The length of a rectangle exceeds its breadth by 4cm. If the length is increased by 3cm and the breadth is increased by 2cm, the new area exceeds the original area by 79 sq cm. Find the dimensions of the given rectangle.
Answers
Given:
➠ Let the breadth of the rectangle be x
➠ then, the length = (x+4)
Solution:
⟼ Area of the rectangle = l×b
⟼ Area = (x+4)(x) = x²+4x
If
⟼ length = (x+4)+3 = x+7
⟼ breadth = x+2
then,
⟶ Area of the rectangle = (x+2)(x+7)
⟼ Area = x²+9x+14
which is also equal to:
⟼ x²+9x+14 = x²+4x+79
⟼ x²-x²+9x-4x = 79-14
⟼ 5x = 65
⟼ x = 65/5
∴ x = 13
so,
⟼ length = (x+4) = 13+4 = 17cm
⟼ breadth = x = 13 cm
⟼ Area of the rectangle = x²+4x
= 169+52 = 221 cm²
Answer:
The length is 17 cm and breadth is 13 cm.
Step-by-step explanation:
Length exceeds breadth by = 4 cm
Length when increased by 3 cm and breadth increased by 3 cm, the new area exceeds the original area by = 79 cm².

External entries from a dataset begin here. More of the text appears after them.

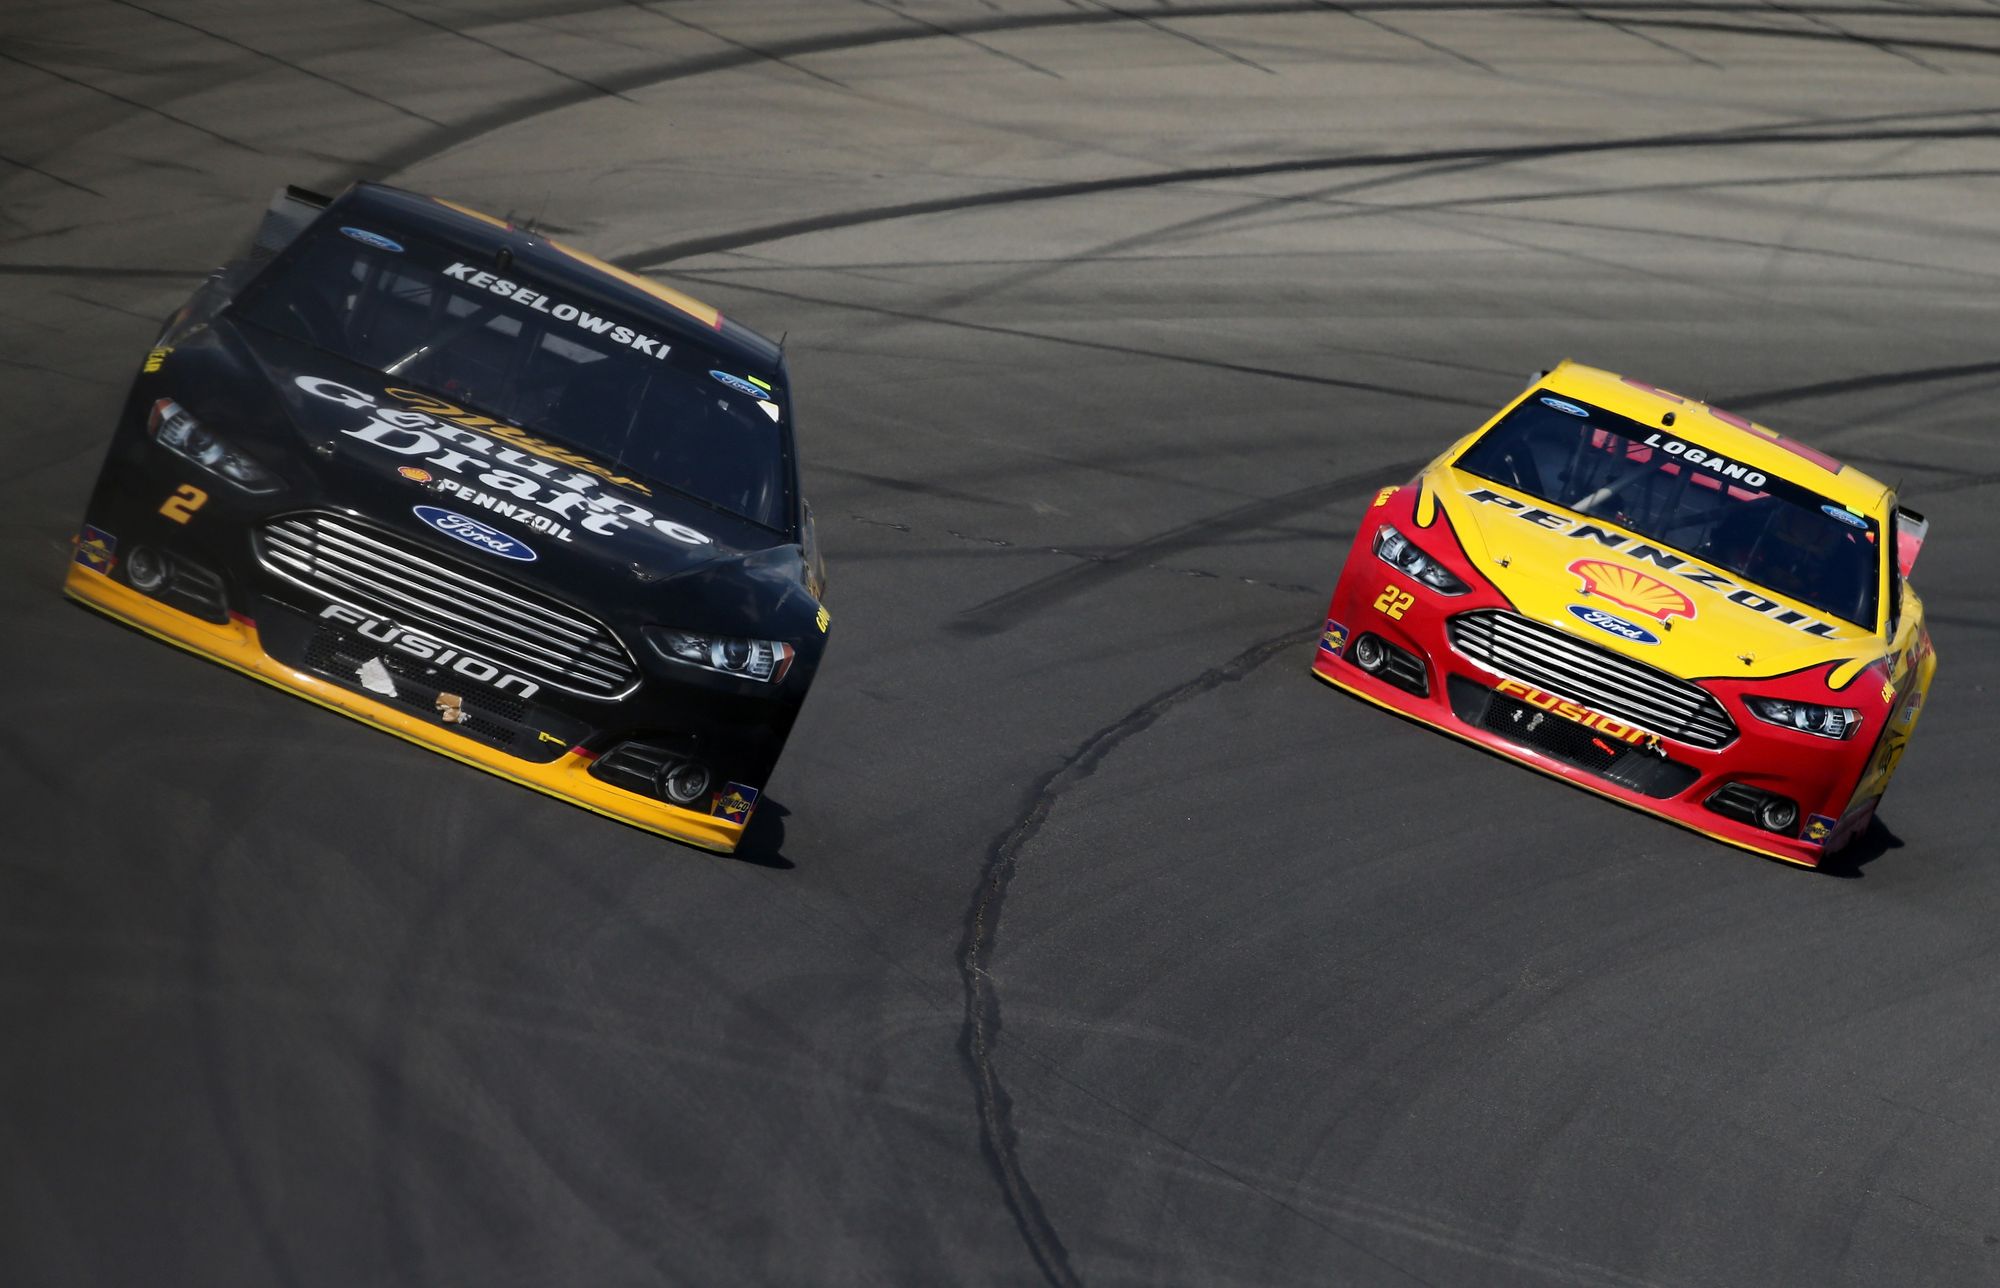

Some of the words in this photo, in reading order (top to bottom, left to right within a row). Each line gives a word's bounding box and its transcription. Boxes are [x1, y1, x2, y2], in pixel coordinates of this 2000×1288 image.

[443, 262, 671, 361] KESELOWSKI
[295, 375, 711, 545] Genuine
[340, 415, 629, 536] Draft
[1643, 434, 1767, 488] LOGANO
[158, 484, 208, 524] 2
[436, 512, 510, 554] Ford
[441, 478, 573, 542] PENNZOIL
[1466, 488, 1845, 640] PENNZOIL
[1373, 584, 1415, 621] 22
[1582, 610, 1641, 641] Ford
[319, 604, 540, 699] FUSION
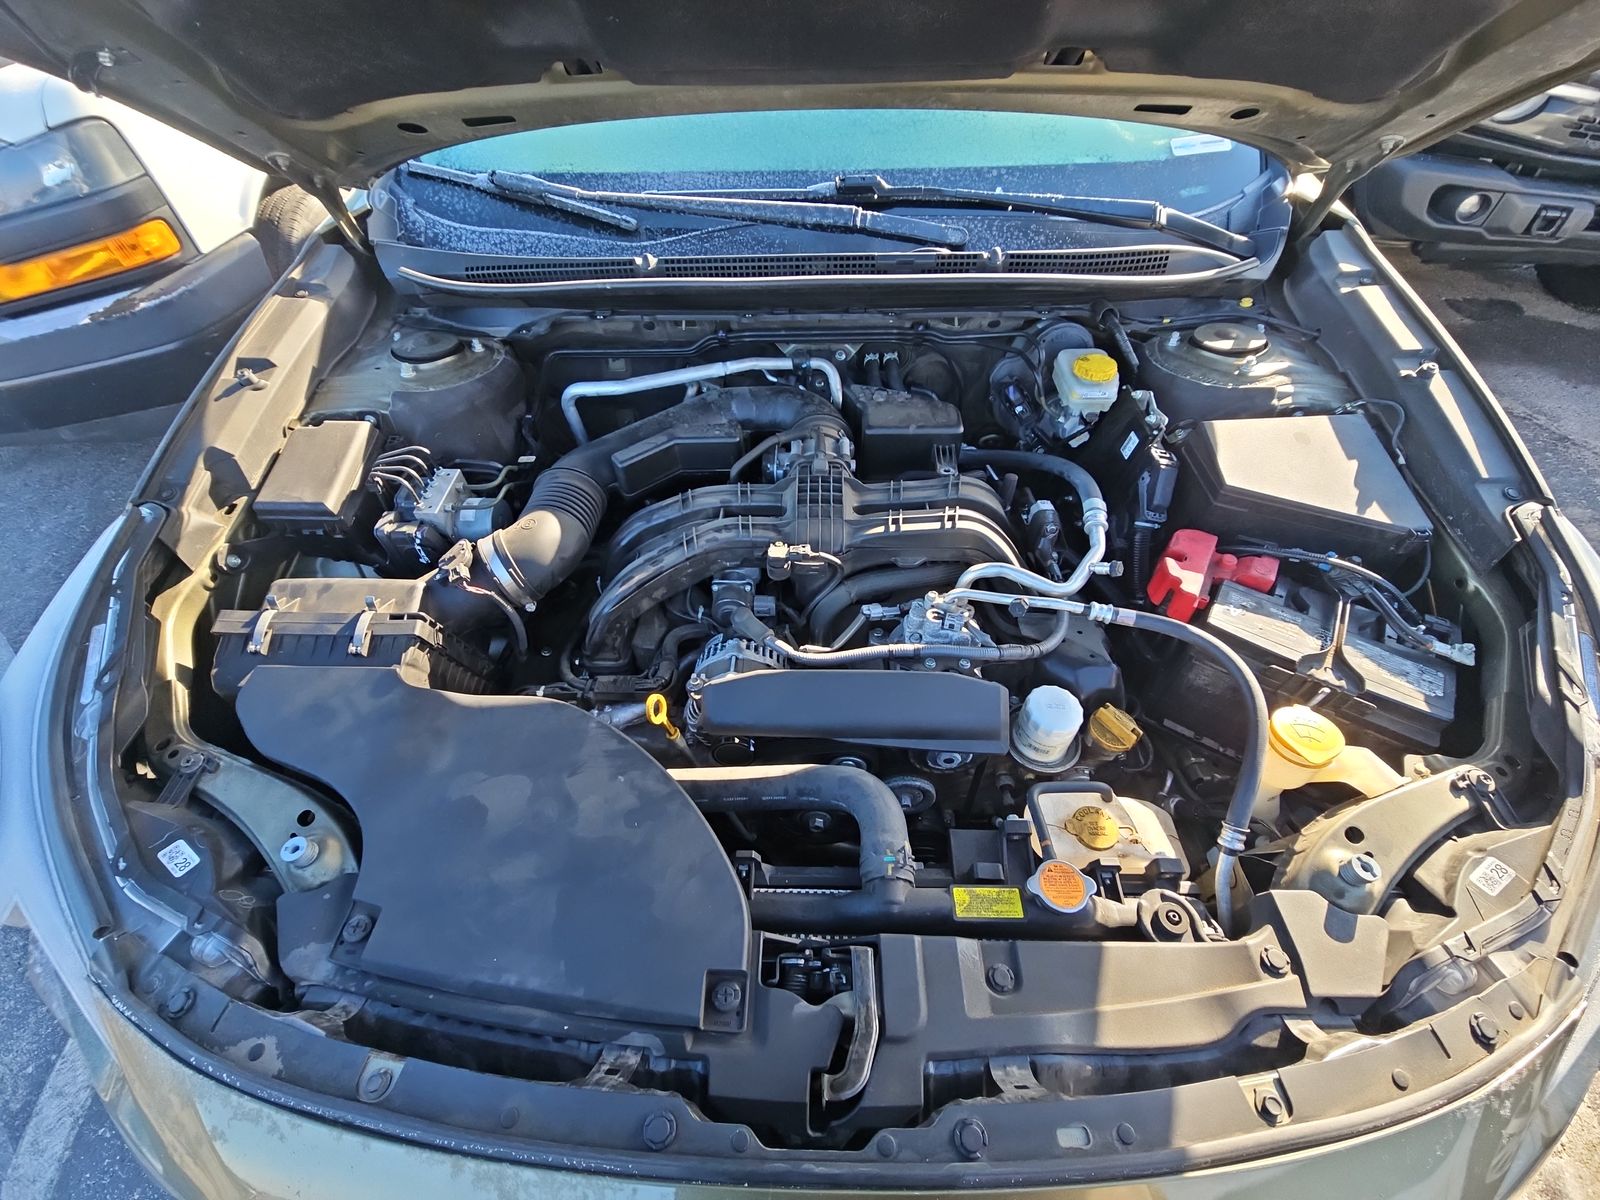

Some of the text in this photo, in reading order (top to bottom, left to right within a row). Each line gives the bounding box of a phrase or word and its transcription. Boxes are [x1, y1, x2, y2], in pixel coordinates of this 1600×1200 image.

[1075, 808, 1112, 821] COOLANT
[174, 858, 191, 871] 28
[1490, 863, 1508, 879] 28
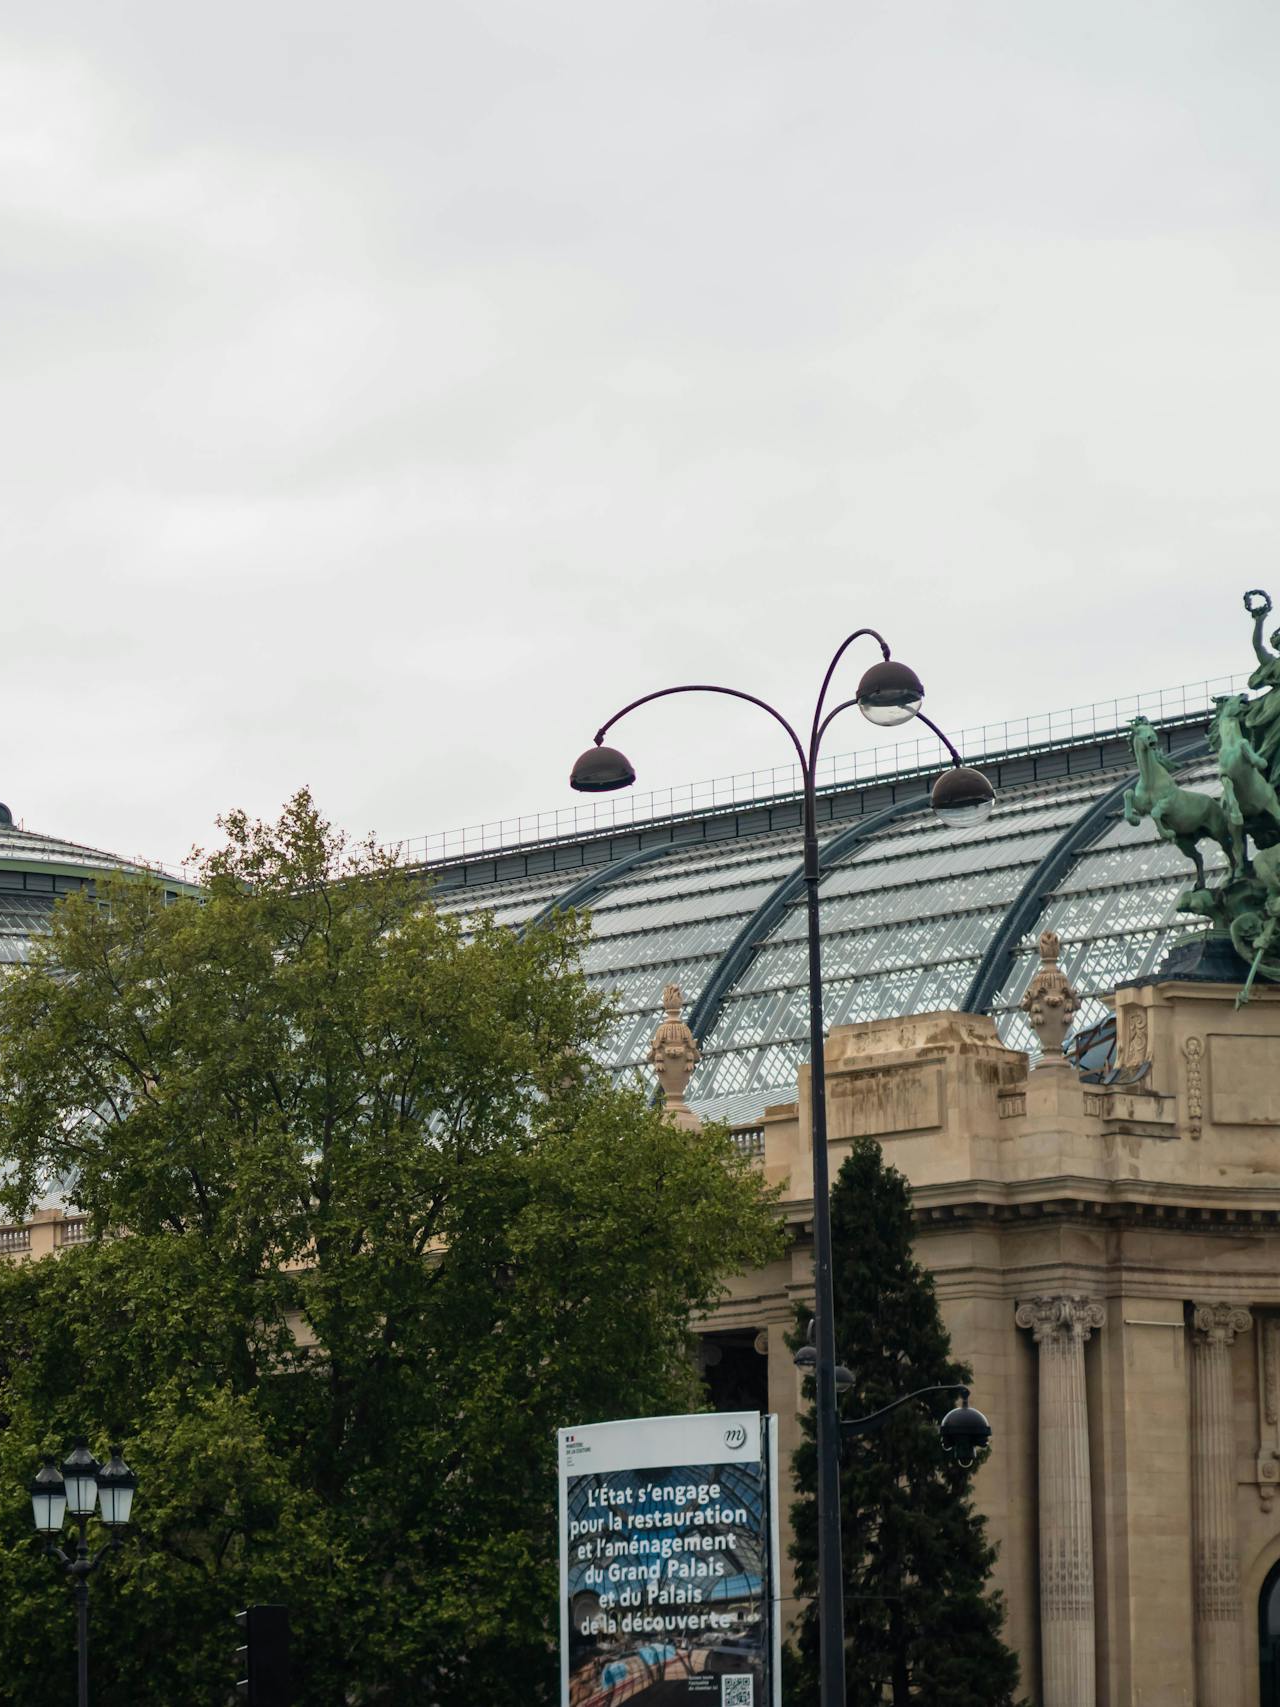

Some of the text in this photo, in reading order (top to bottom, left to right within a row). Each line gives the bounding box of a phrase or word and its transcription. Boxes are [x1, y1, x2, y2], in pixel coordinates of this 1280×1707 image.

Dimensions of the rectangle = ??
Let the length be x and breadth be y.
Length exceeds the breadth by 4 cm.
x - y = 4
x = 4 + y ---- (Equation I)
Area of rectangle = Length × Breadth
Original area =
x × y
xy
According to the Question,
- Length = x + 3
- Breadth = y + 2
xy + 79 = (x + 3)(y + 2)
xy + 79 = xy + 2x + 3y + 6
79 - 6 = 2x + 3y
73 = 2x + 3y ----- (Equation II)
By elimination method,
Eq. I → 2x + 3y - 73 = 0
Eq. II → x - y - 4 = 0
Equation II is rewritten as 2x - 2y - 8 = 0.
Subtract Equation I from Equation II.
2x - 2y - 8 - (2x + 3y - 73) = 0
2x - 2y - 8 - 2x - 3y + 73 = 0
-5y + 65 = 0
-5y = -65
-y = -65/5
y = 13 cm
Breadth = 13 cm
Place the value of y in equation I,
x = 4 + 13
x = 17 cm
Length = 17 cm
Therefore, the length is 17 cm and breadth is 13 cm.